TASK PROMPT:
For this exercise, transcribe all of the entries exactly.

---*---

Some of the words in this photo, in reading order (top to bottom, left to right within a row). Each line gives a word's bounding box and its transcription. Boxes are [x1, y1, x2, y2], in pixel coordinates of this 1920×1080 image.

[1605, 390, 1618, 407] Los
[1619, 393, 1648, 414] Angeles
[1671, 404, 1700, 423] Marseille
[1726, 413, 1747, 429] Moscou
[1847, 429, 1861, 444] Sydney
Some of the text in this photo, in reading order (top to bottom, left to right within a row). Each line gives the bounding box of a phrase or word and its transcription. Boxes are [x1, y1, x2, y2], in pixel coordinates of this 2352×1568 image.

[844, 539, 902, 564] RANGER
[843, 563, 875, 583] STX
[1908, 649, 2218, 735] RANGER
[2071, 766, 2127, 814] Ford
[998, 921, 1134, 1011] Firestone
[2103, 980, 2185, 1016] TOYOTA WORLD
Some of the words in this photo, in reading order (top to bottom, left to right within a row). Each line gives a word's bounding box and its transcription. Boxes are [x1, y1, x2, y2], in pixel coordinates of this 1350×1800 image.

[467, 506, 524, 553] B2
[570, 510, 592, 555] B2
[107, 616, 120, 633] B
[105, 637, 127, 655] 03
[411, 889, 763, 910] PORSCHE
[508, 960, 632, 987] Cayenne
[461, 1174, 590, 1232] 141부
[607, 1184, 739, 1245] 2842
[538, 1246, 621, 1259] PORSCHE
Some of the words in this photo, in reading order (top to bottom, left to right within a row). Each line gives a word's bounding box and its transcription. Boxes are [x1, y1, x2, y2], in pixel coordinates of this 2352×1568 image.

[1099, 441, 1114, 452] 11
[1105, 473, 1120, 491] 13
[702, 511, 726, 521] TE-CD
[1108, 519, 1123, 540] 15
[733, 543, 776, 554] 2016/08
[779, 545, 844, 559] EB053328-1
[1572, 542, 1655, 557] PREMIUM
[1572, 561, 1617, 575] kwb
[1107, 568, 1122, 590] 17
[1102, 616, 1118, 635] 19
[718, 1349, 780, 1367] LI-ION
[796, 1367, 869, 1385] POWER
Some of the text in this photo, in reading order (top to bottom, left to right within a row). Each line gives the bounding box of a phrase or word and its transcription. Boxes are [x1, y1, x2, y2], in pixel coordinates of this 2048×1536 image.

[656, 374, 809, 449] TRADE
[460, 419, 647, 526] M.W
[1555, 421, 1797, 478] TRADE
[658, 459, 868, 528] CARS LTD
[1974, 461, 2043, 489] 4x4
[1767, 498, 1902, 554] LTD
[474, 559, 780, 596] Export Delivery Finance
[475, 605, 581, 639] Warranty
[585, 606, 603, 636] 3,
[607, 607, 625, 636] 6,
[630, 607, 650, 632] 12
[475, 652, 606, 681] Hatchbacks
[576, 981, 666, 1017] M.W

---*---

ANSWER FOR THE TASK:
Some of the words in this photo, in reading order (top to bottom, left to right within a row). Each line gives a word's bounding box and its transcription. Boxes are [x1, y1, x2, y2], in pixel coordinates of this 1920×1080 image.

[1605, 390, 1618, 407] Los
[1619, 393, 1648, 414] Angeles
[1671, 404, 1700, 423] Marseille
[1726, 413, 1747, 429] Moscou
[1847, 429, 1861, 444] Sydney
Some of the text in this photo, in reading order (top to bottom, left to right within a row). Each line gives the bounding box of a phrase or word and its transcription. Boxes are [x1, y1, x2, y2], in pixel coordinates of this 2352×1568 image.

[844, 539, 902, 564] RANGER
[843, 563, 875, 583] STX
[1908, 649, 2218, 735] RANGER
[2071, 766, 2127, 814] Ford
[998, 921, 1134, 1011] Firestone
[2103, 980, 2185, 1016] TOYOTA WORLD
Some of the words in this photo, in reading order (top to bottom, left to right within a row). Each line gives a word's bounding box and its transcription. Boxes are [x1, y1, x2, y2], in pixel coordinates of this 1350×1800 image.

[467, 506, 524, 553] B2
[570, 510, 592, 555] B2
[107, 616, 120, 633] B
[105, 637, 127, 655] 03
[411, 889, 763, 910] PORSCHE
[508, 960, 632, 987] Cayenne
[461, 1174, 590, 1232] 141부
[607, 1184, 739, 1245] 2842
[538, 1246, 621, 1259] PORSCHE
Some of the words in this photo, in reading order (top to bottom, left to right within a row). Each line gives a word's bounding box and its transcription. Boxes are [x1, y1, x2, y2], in pixel coordinates of this 2352×1568 image.

[1099, 441, 1114, 452] 11
[1105, 473, 1120, 491] 13
[702, 511, 726, 521] TE-CD
[1108, 519, 1123, 540] 15
[733, 543, 776, 554] 2016/08
[779, 545, 844, 559] EB053328-1
[1572, 542, 1655, 557] PREMIUM
[1572, 561, 1617, 575] kwb
[1107, 568, 1122, 590] 17
[1102, 616, 1118, 635] 19
[718, 1349, 780, 1367] LI-ION
[796, 1367, 869, 1385] POWER
Some of the text in this photo, in reading order (top to bottom, left to right within a row). Each line gives the bounding box of a phrase or word and its transcription. Boxes are [x1, y1, x2, y2], in pixel coordinates of this 2048×1536 image.

[656, 374, 809, 449] TRADE
[460, 419, 647, 526] M.W
[1555, 421, 1797, 478] TRADE
[658, 459, 868, 528] CARS LTD
[1974, 461, 2043, 489] 4x4
[1767, 498, 1902, 554] LTD
[474, 559, 780, 596] Export Delivery Finance
[475, 605, 581, 639] Warranty
[585, 606, 603, 636] 3,
[607, 607, 625, 636] 6,
[630, 607, 650, 632] 12
[475, 652, 606, 681] Hatchbacks
[576, 981, 666, 1017] M.W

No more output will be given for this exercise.